The purpose of this study was to evaluate the results of LISS fixation of distal femur fractures

This is a single-centre review of 64 consecutive LISS plates used for distal femoral fractures over 5.5 years. No patients were excluded and all were followed for a minimum of one year (mean 37 months). Primary outcomes were time to union, knee ROM, Knee Outcome Survey Activities of Daily Living Scale and SF-36 scores. Secondary outcomes were fracture alignment, additional surgery and complications.

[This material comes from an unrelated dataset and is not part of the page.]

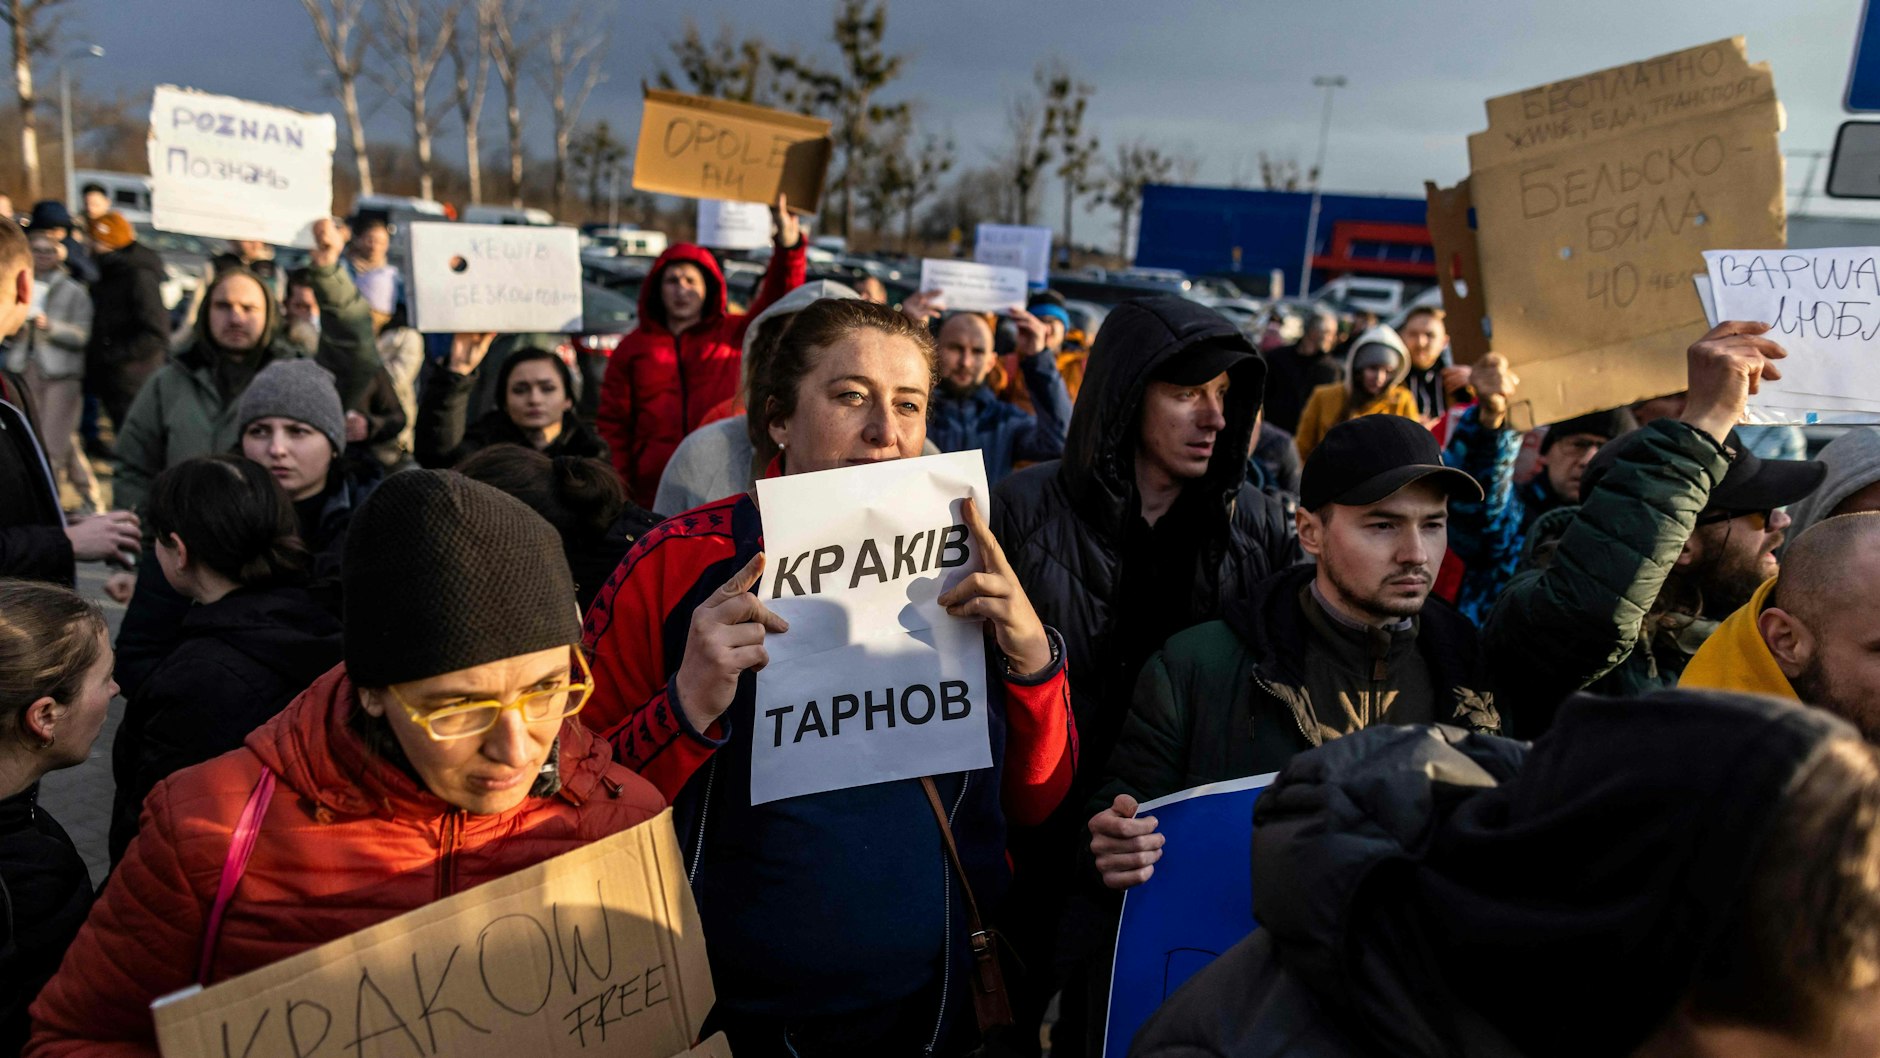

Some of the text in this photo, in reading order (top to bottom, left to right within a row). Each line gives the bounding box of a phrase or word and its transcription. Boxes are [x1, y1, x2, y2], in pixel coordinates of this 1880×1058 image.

Sixty-four fractures were followed in 62 patients with a bimodal distribution of age (mean 66 yrs, 14–98 years). Two major subgroups were young patients (55 and under) with high-energy fractures, most common in men (12:4) and elderly patients with insufficiency or peri-prosthetic fractures, more common in women (11:35). Twenty-two patients died prior to clinical follow-up in the study, but only eight of these died prior to radiological and clinical bony union. No other patients were lost to follow-up. Ninety-four percent of patients achieved within 10 degrees of full knee extension (mean 1.4 degrees), whilst 74% achieved knee flexion > 100 degrees and all achieved 90 degrees. Mean union time was 6.8 months and there was one infected non-union. There were 28 re-operations in 17 patients. Ten were for removal of metal-ware, four required bone grafting and two had revision of fixation.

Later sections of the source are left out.